The nuance matters. A cooling in monthly valuations and a record quarter of transactions can be true at the same time. One measures price momentum, the other measures conviction and volume. For a buyer with a decade-long horizon, paying a premium for an un-repeatable address in a temporary lull is a defensible bet. For a short-term flipper, it is a very different calculation. As always, this is not investment advice. The right answer depends entirely on your timeline, your risk tolerance and your reasons for being in the market.

What Dubai’s New Golden Visa and Property Rules Mean for Buyers

Part of what keeps global capital flowing is that Dubai keeps sweetening the residency math. The government has updated its property-linked visa rules, scrapping the old Dh750,000 minimum for a two-year residence visa for single owners. For joint ownership, the threshold has been cut to Dh400,000 per investor. Layer that on top of the expanded 10-year golden visa and permits for retirees and remote workers, and you have a policy environment deliberately engineered to convert property buyers into long-term residents.
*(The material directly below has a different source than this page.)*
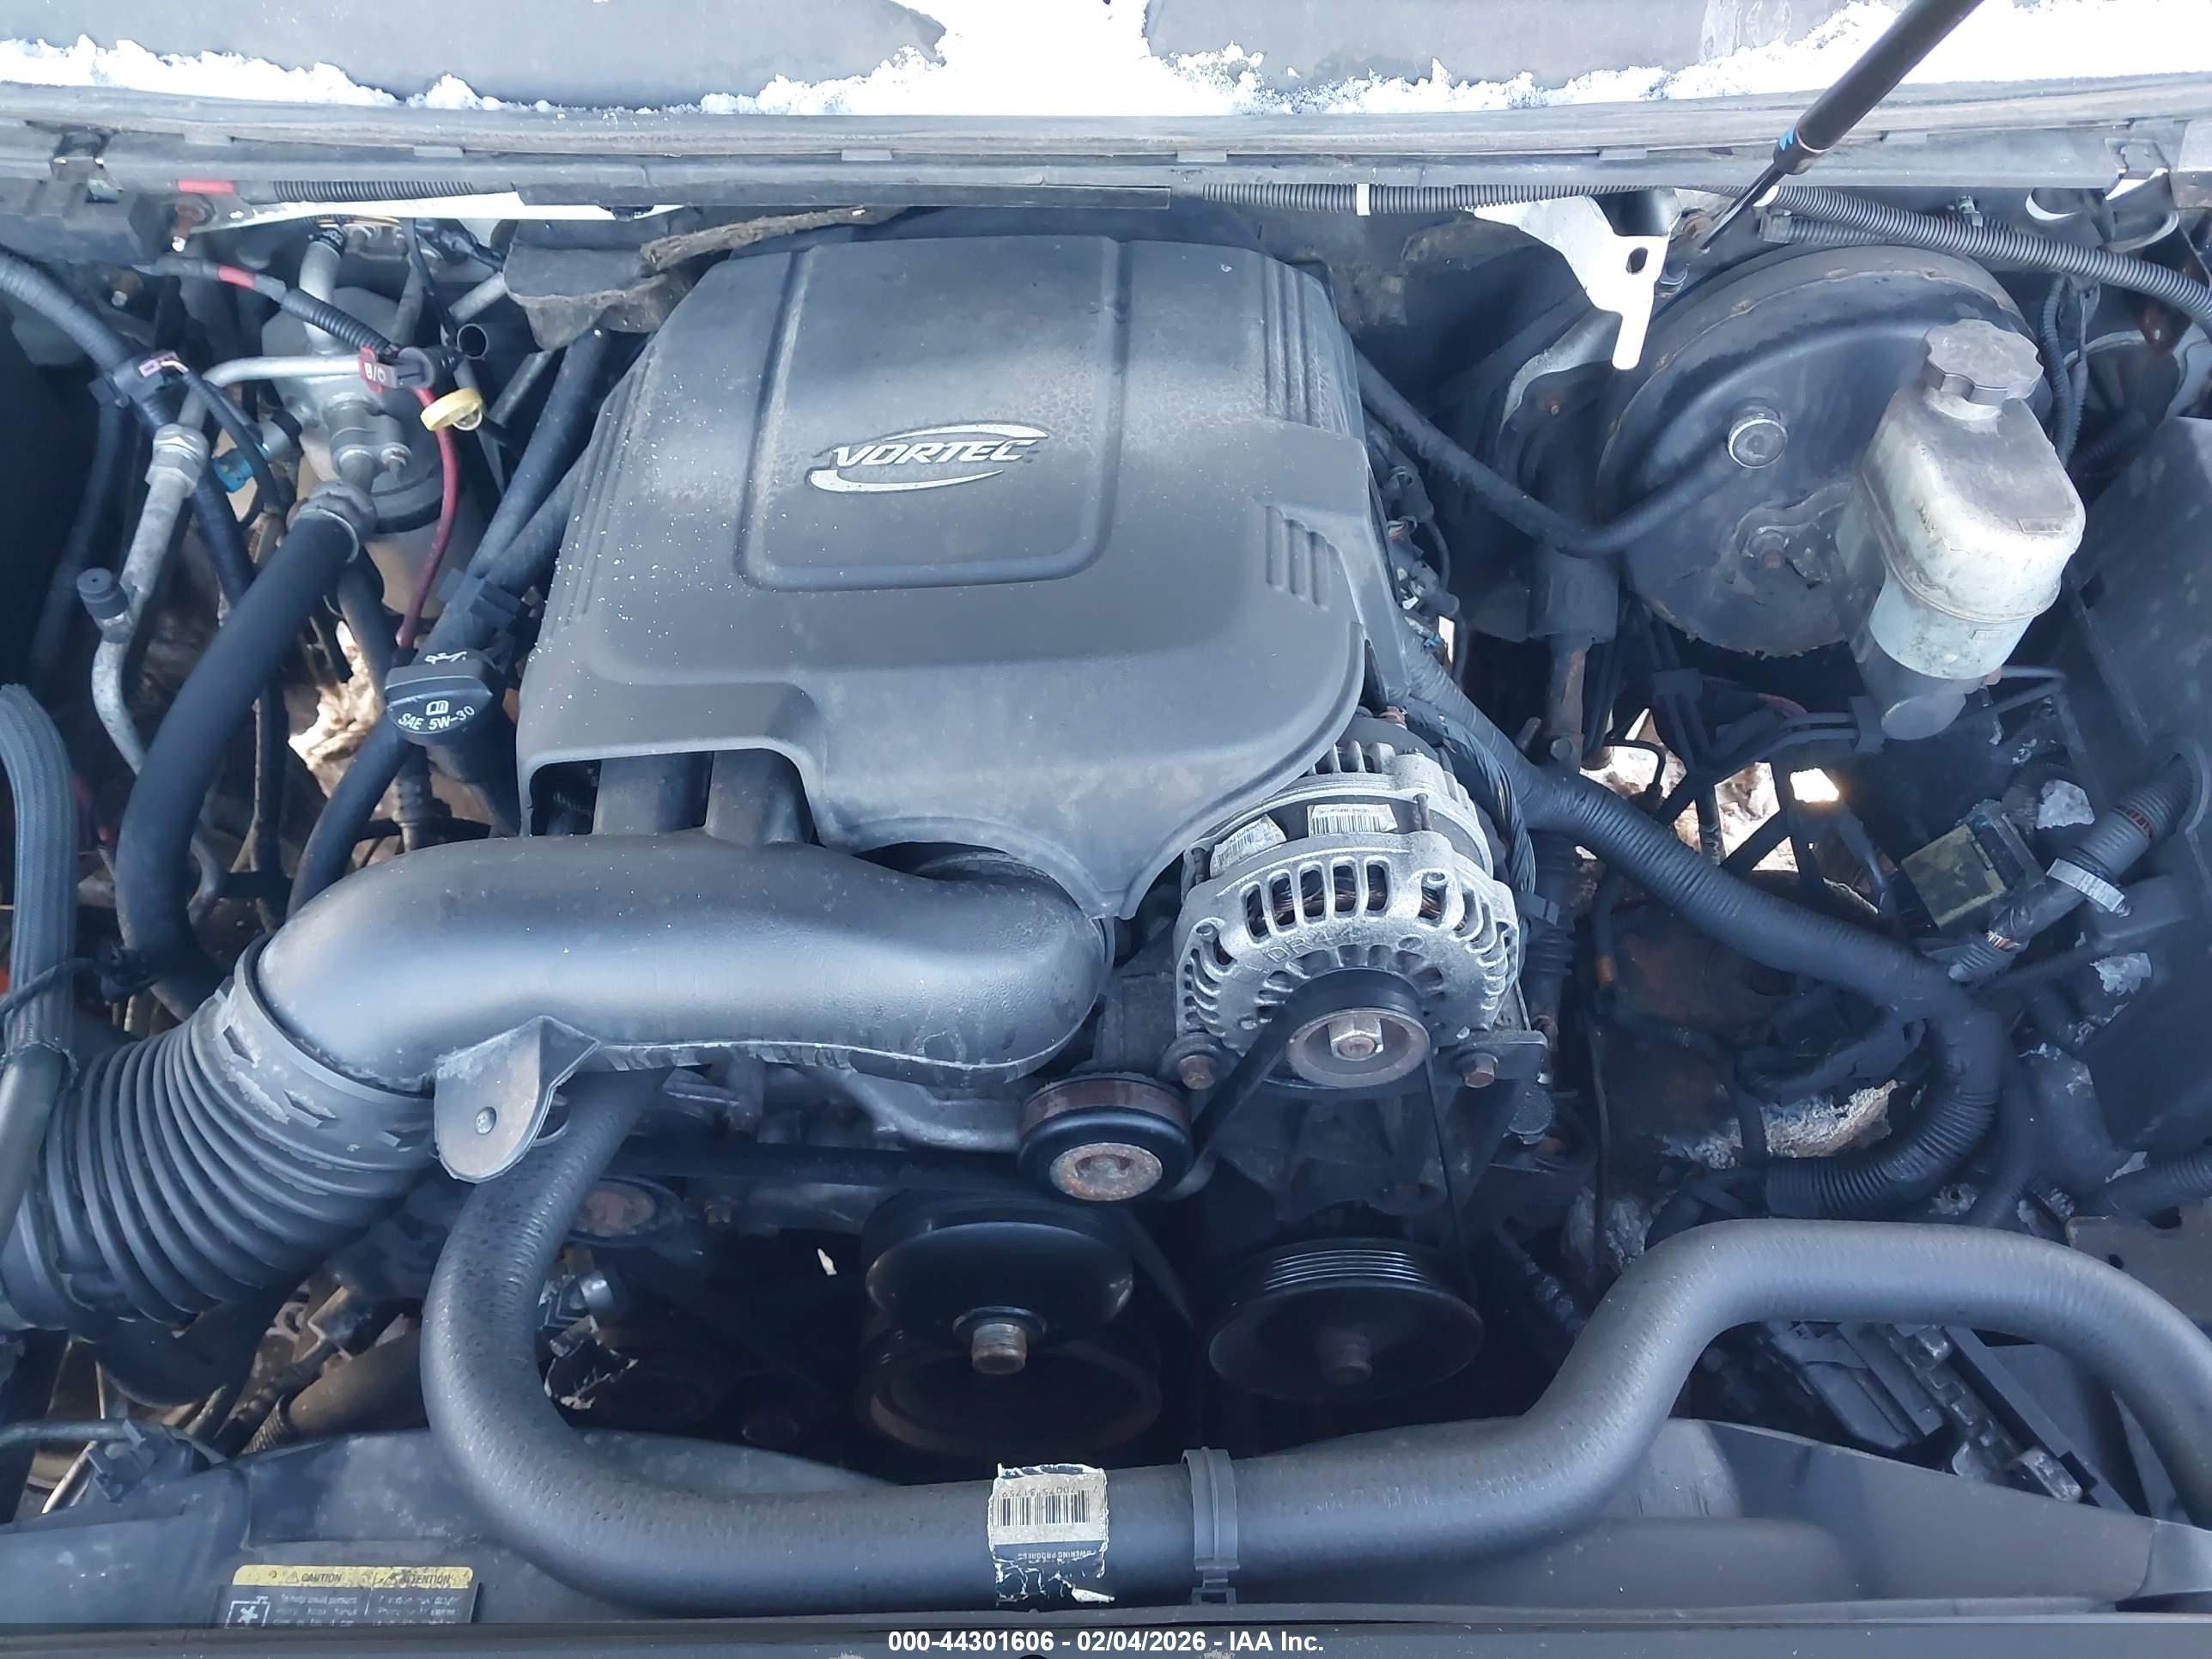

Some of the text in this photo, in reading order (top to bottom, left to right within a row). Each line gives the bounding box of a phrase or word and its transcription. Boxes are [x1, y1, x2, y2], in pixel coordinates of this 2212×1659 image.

[832, 439, 1037, 467] VORTEC
[398, 705, 475, 731] SAE 5W-30
[301, 1572, 343, 1583] CAUTION
For overseas investors weighing a Dubai purchase, this is arguably as significant as any price chart. A home here can increasingly come bundled with a life here, and that optionality is a big reason the demand Sajwani is betting on keeps showing up.

The Bottom Line

The Shangri-La deal, paired with the Dh25 billion project to come, works as a neat summary of the current property moment in Dubai. There are genuinely irreplaceable assets, a young and unusually confident buyer, eye-watering headline transaction figures, and, just beneath the surface, a market catching its breath after years of running hard. The wager of Sajwani is essentially a wager on Dubai itself: that a city with 200-plus nationalities, a liberal visa regime and a skyline it keeps reinventing simply cannot be replicated anywhere else.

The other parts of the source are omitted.